The Long Way Round: Without a support vehicle & camera crew


THE BIKE BROKE PROPERLY FOR THE FIRST TIME IN MONGOLIA 300KM FROM THE NEAREST ANYTHING. THE ROAD FROM ULAANBAATAR TO TSETSERLEG ISN'T THE EASIEST PLACE TO MEET PEOPLE. AFTER A FEW DAYS, STRONSKY AND THE BIKE WERE PERCHED ON THE BACK OF A RICKETY LARDER, HEADING FOR CIVILISATION.

WHEN YOU ARE ONE OF THE FEW PEOPLE OUT ON THE STEPPE...

YOU JUST DON'T LEAVE OTHER PEOPLE BEHIND.

 


James Stronsky - Motorcyclist, photographer & adventure dude. 

James Stronsky - Motorcyclist, photographer & adventure dude. 

You’re probably already thinking of Charlie Boorman and Ewan McGregor’s 'The long way round’. Well, Stronsky's attempt to conquer the the largest landmass in the world on two wheels is essentially the same thing, with a few key differences:

  • He has no support truck

  • No planning team

  • No camera people

  • No medic

  • His bike wasn’t kitted out by a team of BMW engineers

  • And he is totally alone

Before setting off from Sydney to start his journey in Japan, Stronsky spent two years and over $10,000 dreaming, planning and assembling a motorcycle. Parts were hunted down, bit-by-bit, in spares shops and online. By the time the bike was finished Stronsky knew every nut, bolt, spoke and wire by heart. 

The plan was to ship the bike off to Japan in mid 2016, to meet it there and then see where the road (one flight, some dodgy local trucks and a boat) would take him. 

Whilst waiting in Japan for the bike to clear registration Stronsky found out the frame (to which all of those painstakingly curated parts were now attached) was unable leave Australia.  The authorities discovered that the second hand frame had been reported stolen. A near critical blow to Stronsky's plan. The bike was impounded (and still is, Stronsky assumes/hopes) before it had the chance roll off Australian soil.  

Should he delay the trip? Or, should he leave it in the hands of the Australian constabulary and get on his flight with an “I'll sort that out later man” attitude.

He went with the latter option.

Stronsky found his way sans-bike to Korea where he took the financial nut-punch and purchased, with the assistance of his family,  a second bike which was shipped by express air freight from Australia. He put it together at the airport and a few days later he rolled it onto the next ferry bound for Vladivostok, Russia.
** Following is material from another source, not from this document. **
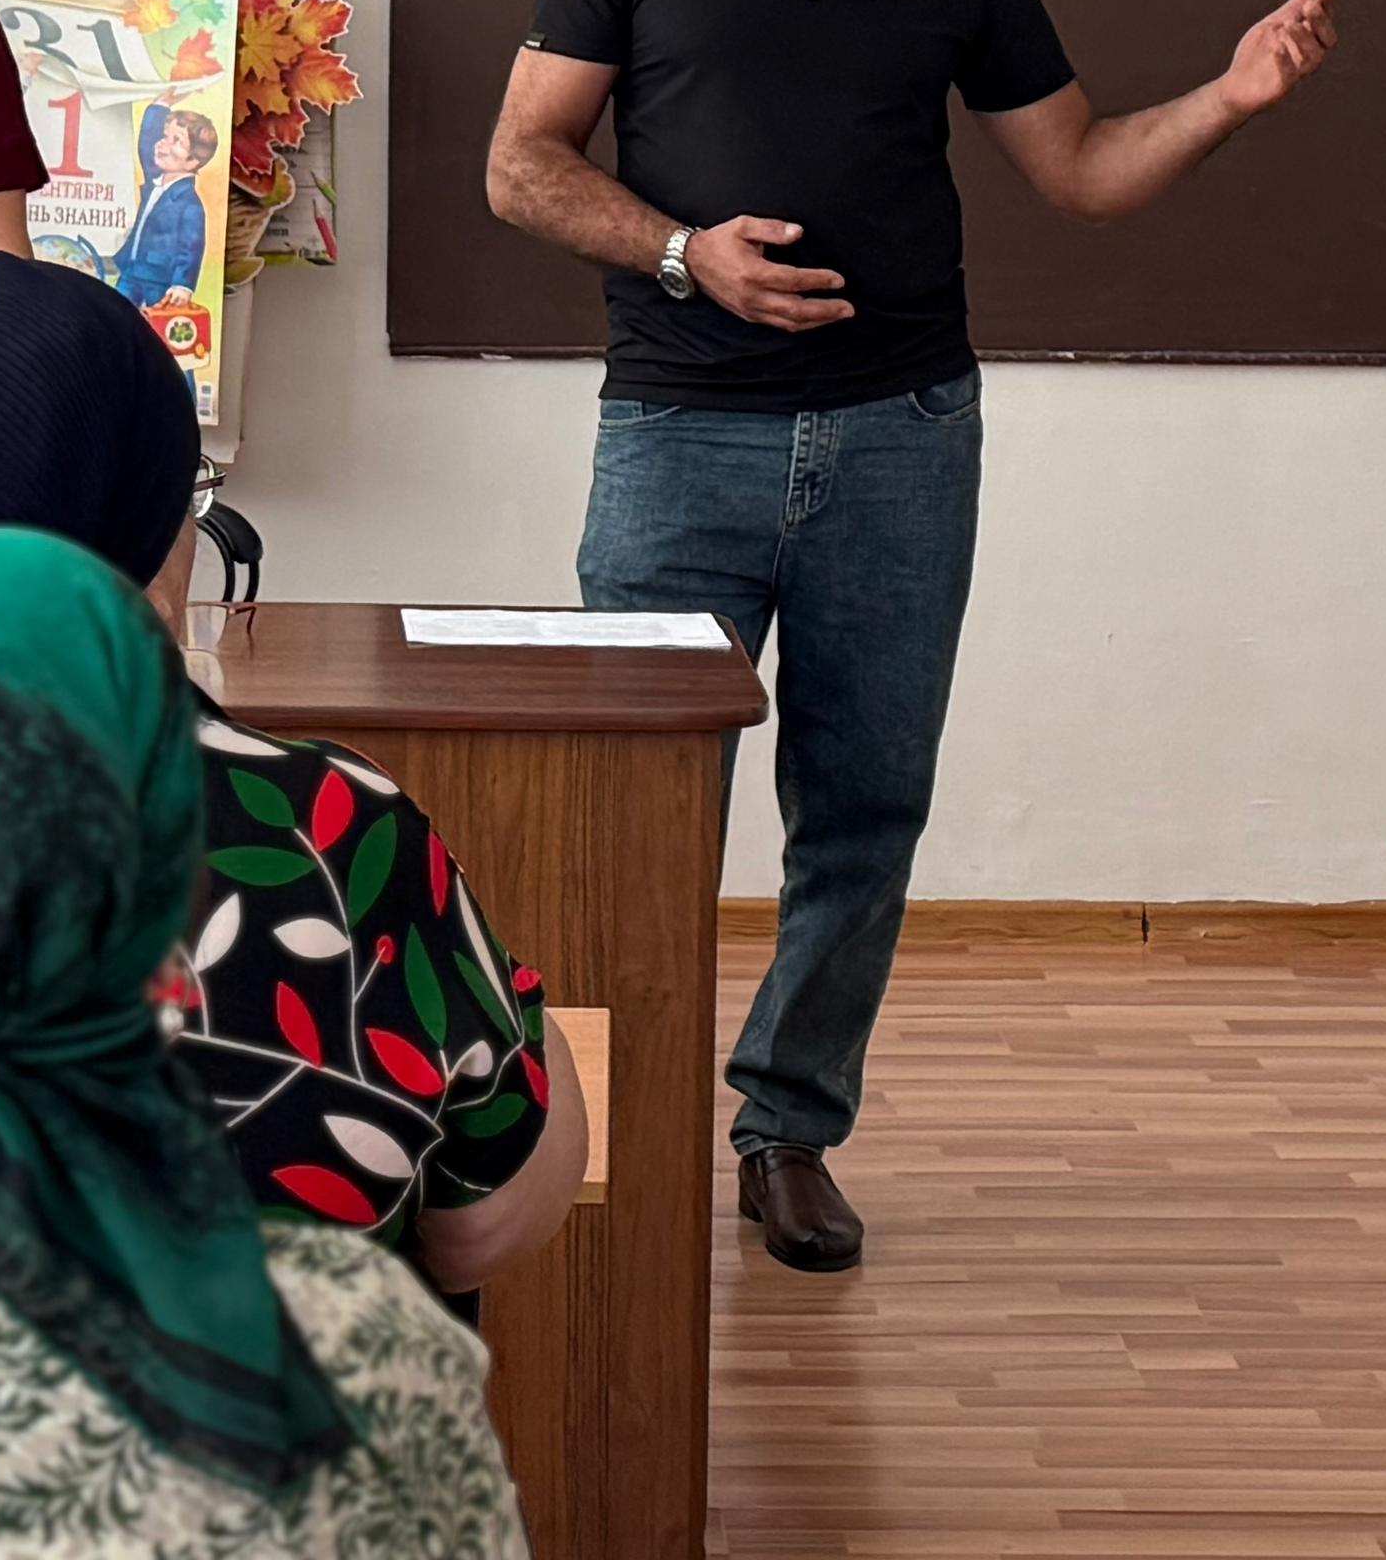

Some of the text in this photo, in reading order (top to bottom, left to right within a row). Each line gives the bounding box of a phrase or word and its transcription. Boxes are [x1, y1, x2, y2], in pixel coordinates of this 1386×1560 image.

[47, 90, 94, 179] 1
[40, 181, 114, 201] НТЯБРЯ
[28, 204, 126, 229] НЬ ЗНАНИЙ
The bike - All photo's by James Stronsky #chasingnothing_

The bike - All photo's by James Stronsky #chasingnothing_

After a few nights in Vladivostok (now officially one of UNESCO's 'far-Eastern treasures') he set course North around the Chinese border on the 3,969km journey through Siberia to Irkutsk. After a few days rest, he then set off to tackle the vast plains and distant mountains of Mongolia.

Stronsky was 300km from anything that resembled civilisation when the bike gave up for the first time. Stronsky was stranded on the Mongolian Steppe with an unresponsive motorcycle, a tent and a growing fear that he may have to Bear-Grylls-it to stay hydrated.

 THE ROAD FROM ULAANBAATAR TO TSETSERLEG ISN'T THE EASIEST PLACE TO MEET PEOPLE. AFTER A FEW DAYS, STRONSKY AND THE BIKE WERE PERCHED ON THE BACK OF A RICKETY LARDER, HEADING FOR CIVILISATION.WHEN YOU ARE ONE OF THE FEW PEOPLE OUT ON THE STEPPE...YOU JUST DON'T LEAVE OTHER PEOPLE BEHIND.

Stranded on the Steppe - All photo's by James Stronsky #chasingnothing_

Stranded on the Steppe - All photo's by James Stronsky #chasingnothing_


Things move pretty slowly in Mongolia. There was just one mechanic in town who would agree to work on his foreign (not Chinese) machine. During the delay, Stronsky killed time exploring the hillsides on horseback with some local nomads. Having never ridden a horse before in his life, he returned to Ulaanbaatar with both a new skill and a bruised ass. He went to enquire on the progress of his bike repairs, only to find that it was slim to none. Four weeks later, and still waiting to get his bike back, the boredom simmered into frustration.

In desperation, he offered to swap his somewhat broken mode of transport for one of the working 'local' bikes. That didn’t work. Stronsky paid the mechanic for work-thus-far, reclaimed his limping stallion and set off to the North, back to Russia. 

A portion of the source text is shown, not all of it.